**** Extracted entries

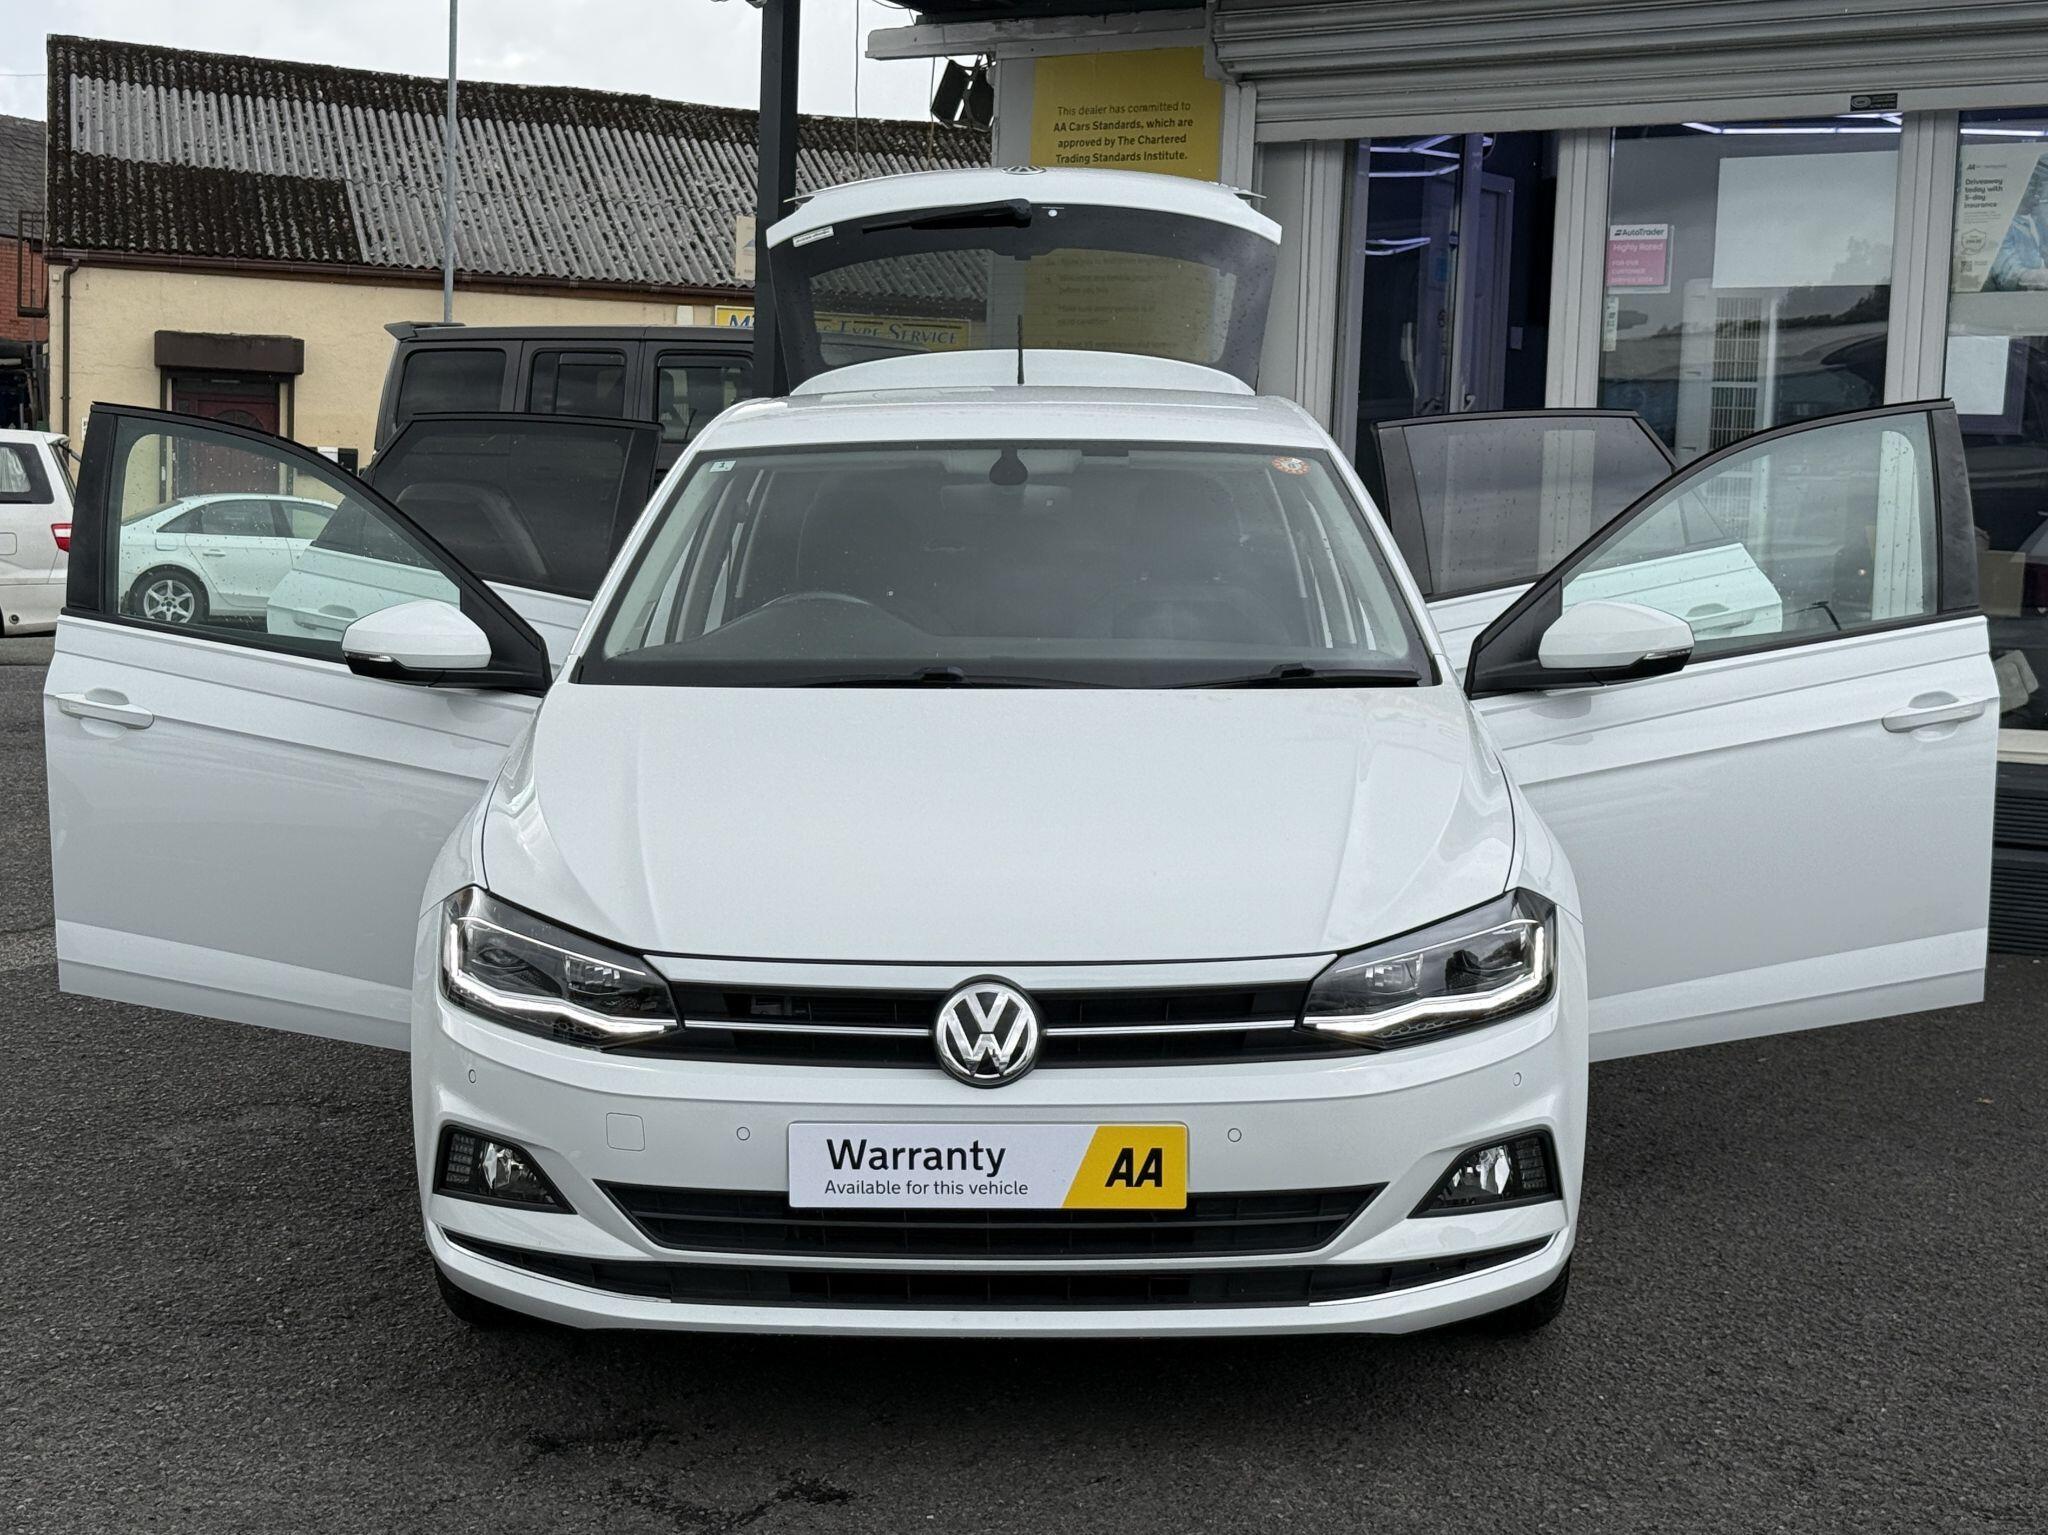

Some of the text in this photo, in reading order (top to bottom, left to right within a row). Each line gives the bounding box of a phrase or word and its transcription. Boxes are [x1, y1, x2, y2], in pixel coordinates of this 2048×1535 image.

[1058, 102, 1191, 116] This dealer has committed to
[1053, 118, 1193, 132] AA Cars Standards, which are
[1057, 133, 1187, 149] approved by The Chartered
[1056, 151, 1188, 165] Trading Standards Institute.
[1622, 228, 1664, 237] AutoTrader
[1612, 242, 1663, 253] Highly Rated
[888, 323, 957, 344] SERVICE
[826, 1138, 1006, 1177] Warranty
[1105, 1147, 1163, 1187] AA
[825, 1179, 1028, 1195] Available for this vehicle
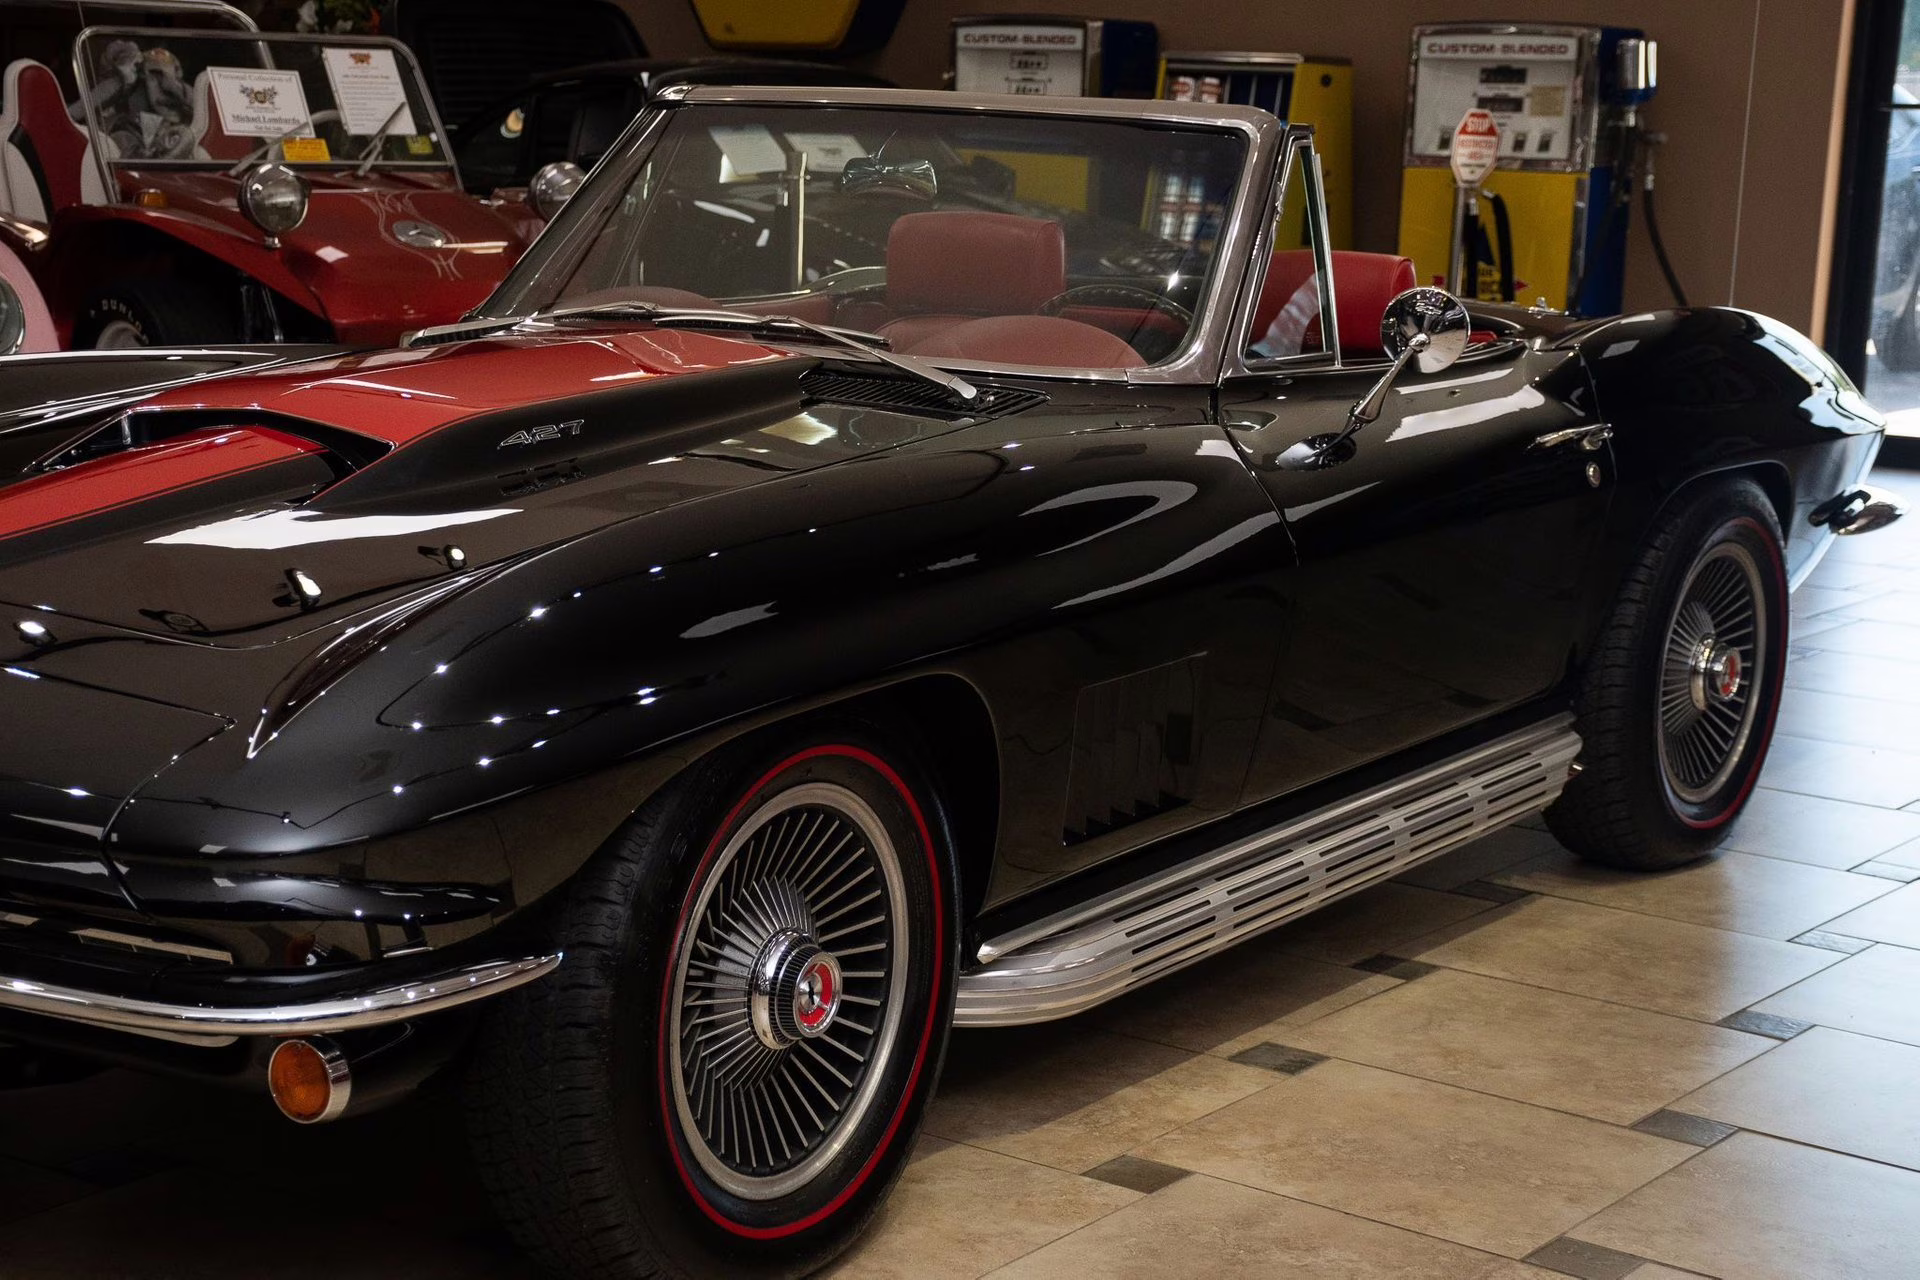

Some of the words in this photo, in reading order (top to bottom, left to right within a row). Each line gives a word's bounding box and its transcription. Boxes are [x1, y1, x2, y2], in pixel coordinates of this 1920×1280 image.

********

Exercise
A word-for-word copy of every entry, with the pictures left out, is the required answer.

Your solution
Some of the text in this photo, in reading order (top to bottom, left to right within a row). Each line gives the bounding box of a phrase or word and its transcription. Boxes are [x1, y1, x2, y2], in pixel coordinates of this 2048×1535 image.

[1058, 102, 1191, 116] This dealer has committed to
[1053, 118, 1193, 132] AA Cars Standards, which are
[1057, 133, 1187, 149] approved by The Chartered
[1056, 151, 1188, 165] Trading Standards Institute.
[1622, 228, 1664, 237] AutoTrader
[1612, 242, 1663, 253] Highly Rated
[888, 323, 957, 344] SERVICE
[826, 1138, 1006, 1177] Warranty
[1105, 1147, 1163, 1187] AA
[825, 1179, 1028, 1195] Available for this vehicle

Some of the words in this photo, in reading order (top to bottom, left to right within a row). Each line gives a word's bounding box and its transcription. Boxes are [x1, y1, x2, y2], in pixel coordinates of this 1920×1280 image.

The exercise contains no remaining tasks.